El barómetro de la soledad

Rodrigo Solís.

 

Cuando “Internet” era una palabra nueva en nuestro vocabulario, mi primo Pony y yo, además de pasar horas absortos frente al monitor de la computadora en espera de que apareciera en pelotas Amy Jo Johnson (la Power Ranger rosa, que jamás nos dio el gusto de mostrar más allá de los hombros desnudos por culpa de mi madrina, que siempre necesitaba hablar por teléfono con sus amigas del catecismo, cortando la conexión justo en el momento en que veríamos rota la inocencia de la actriz), invertíamos nuestro tiempo en culturizarnos, es decir, aprendiendo insultos de otras latitudes del continente americano.

Esto fue posible gracias al chat, herramienta de intercambio cultural que en dos minutos te hacía descubrir que en Argentina “la concha de tu madre” no significa “el pan dulce de tu mamá”. Aunque uno pudiera pensar lo contrario, las cosas no han cambiado mucho desde aquellos prehistóricos días; los foros de charla aún funcionan para lo que en teoría fueron creados: mentarle la madre a los argentinos y sacar a la luz a la mujer que todos llevamos dentro.

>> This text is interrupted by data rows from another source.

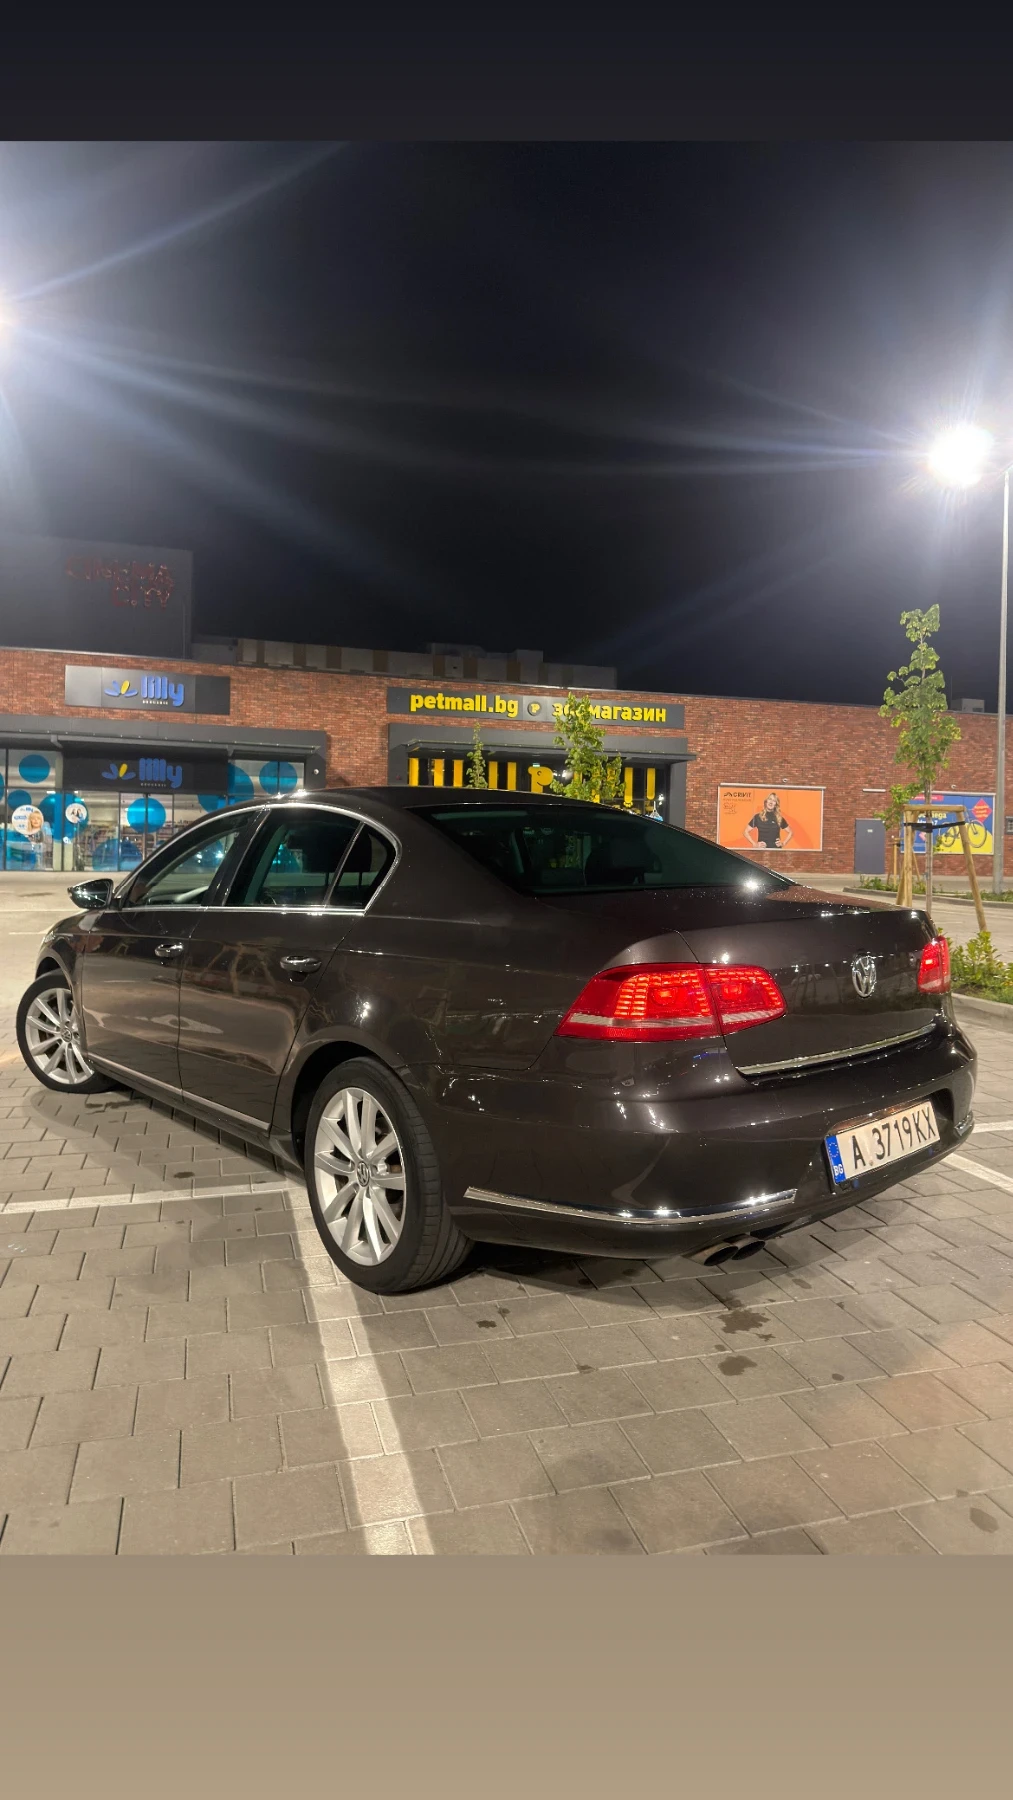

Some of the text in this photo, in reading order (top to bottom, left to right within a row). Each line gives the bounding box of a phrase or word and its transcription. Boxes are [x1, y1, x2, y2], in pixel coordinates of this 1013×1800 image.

[141, 675, 185, 706] lilly
[410, 692, 519, 718] petmall.bg
[139, 758, 182, 788] lilly
[833, 1163, 844, 1176] BG
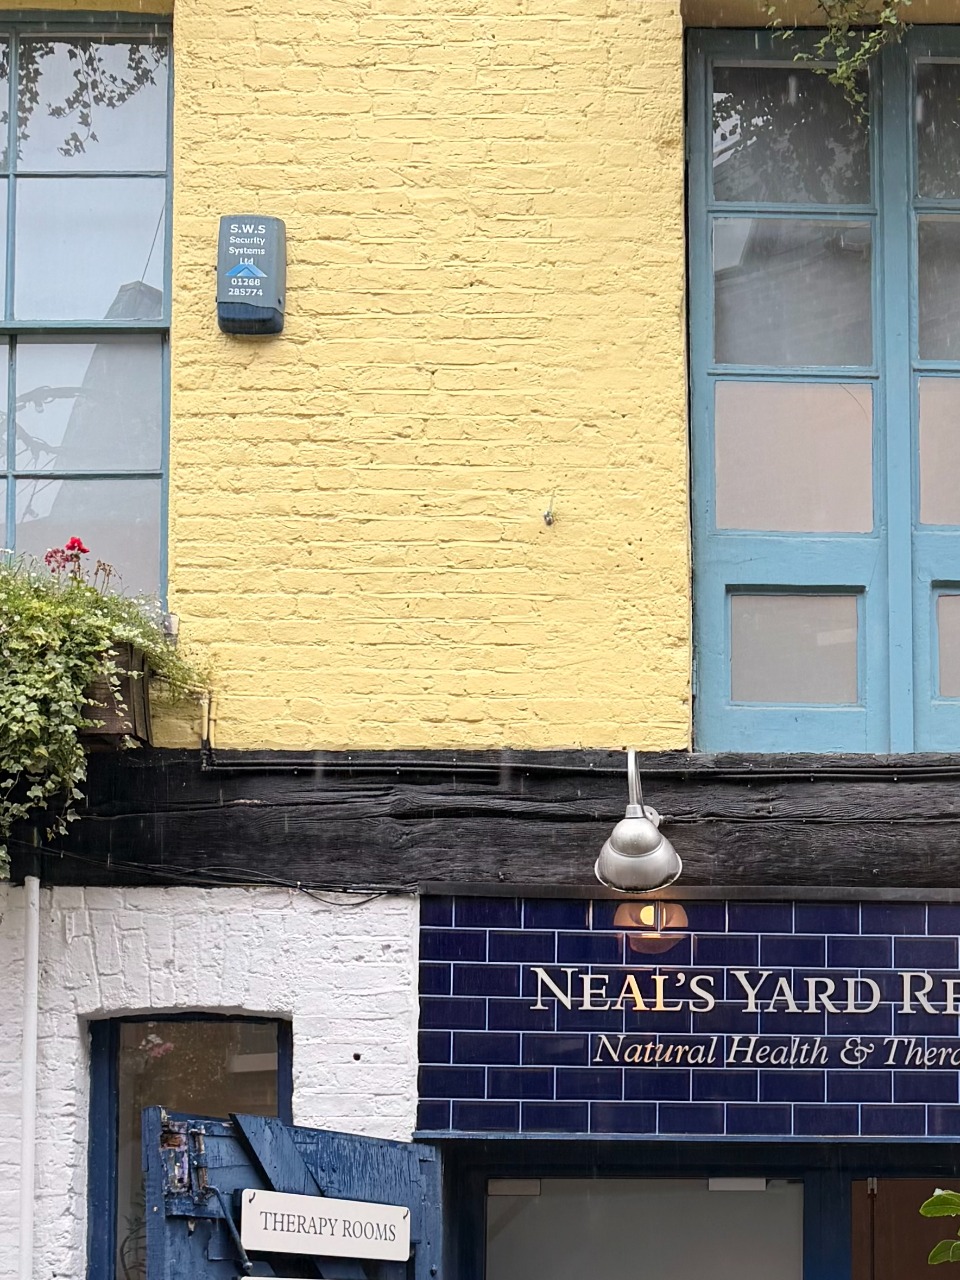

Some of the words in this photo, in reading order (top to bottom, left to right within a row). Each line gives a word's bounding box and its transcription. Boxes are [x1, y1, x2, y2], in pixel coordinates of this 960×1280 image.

[230, 224, 266, 234] S.W.S
[229, 235, 265, 245] Security
[228, 246, 266, 255] Systems
[239, 257, 254, 265] Ltd
[529, 967, 716, 1013] NEAL'S
[729, 970, 881, 1014] YARD
[593, 1034, 718, 1065] Natural
[723, 1036, 829, 1066] Health
[840, 1040, 875, 1066] &
[260, 1211, 338, 1237] THERAPY
[342, 1219, 396, 1242] ROOMS
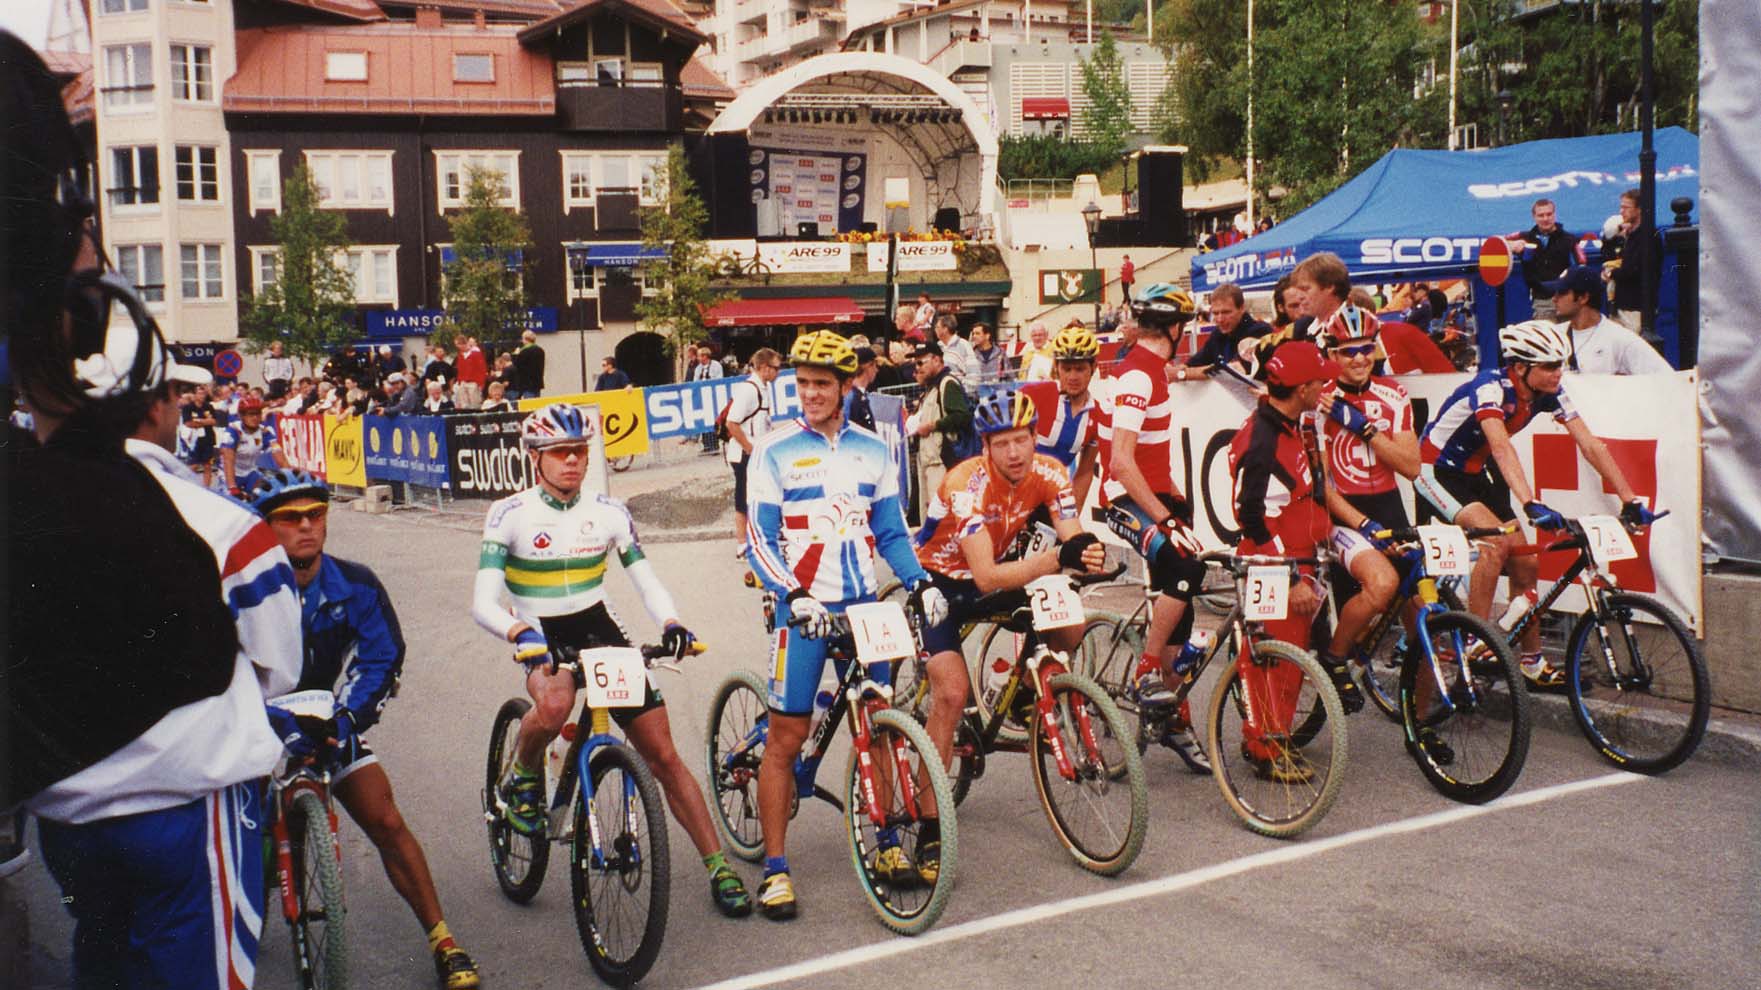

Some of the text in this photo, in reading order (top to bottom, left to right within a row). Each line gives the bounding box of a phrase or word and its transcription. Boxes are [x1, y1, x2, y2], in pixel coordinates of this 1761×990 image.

De la misma forma en que la gente se ha vuelto adicta al Pokemón Go y al Tinder, nosotros lo éramos a los foros para encontrar el amor. Nuestra mujer interior no fue la clásica rubia despampanante, sino una chica de barrio aspirante a modelo, larguirucha y de facciones finas. Unas veces se hacía llamar Vane, en otras ocasiones Paty, pero por lo general decía ser Kathy. En cuestión de segundos teníamos a decenas de interesados, lo que logró que aprendiéramos lo que no pudo enseñarnos en tres años la maestra de mecanografía en la escuela: a escribir sin ver el teclado y a la velocidad de una secretaria.

En las charlas, los pretendientes mostraban particular interés en nuestra nacionalidad (siempre éramos argentinas) y en nuestro apellido (siempre era el de un ex seleccionado: Olarticoechea, Burruchaga, Ruggeri, Valdano, etcétera); eso ayudaba al trámite porque decíamos ser sobrina lejana del futbolista en cuestión y el interesado babeaba en el teclado de la computadora al creer haber encontrado a la mujer perfecta: guapa y apasionada al fútbol.

Para evitar sospechas, decíamos no ser modelos profesionales sino aspirante a modelo, llevábamos viviendo en México varios años (así teníamos justificado utilizar el tú en vez del vos) y trabajábamos de edecanes para poder pagar las clases en el CEA, la escuela de “actuación” de Televisa. Por supuesto, todos pedían pruebas. Sin embargo, en los días anteriores al Facebook e incluso a las cámaras digitales en los celulares, no era tan fácil obtener la fotografía de una desconocida guapa, así que dábamos largas a nuestros galanes hasta que empezaban a sospechar que en realidad a quien estaban cortejando era a un hombre (o dos, como era nuestro caso).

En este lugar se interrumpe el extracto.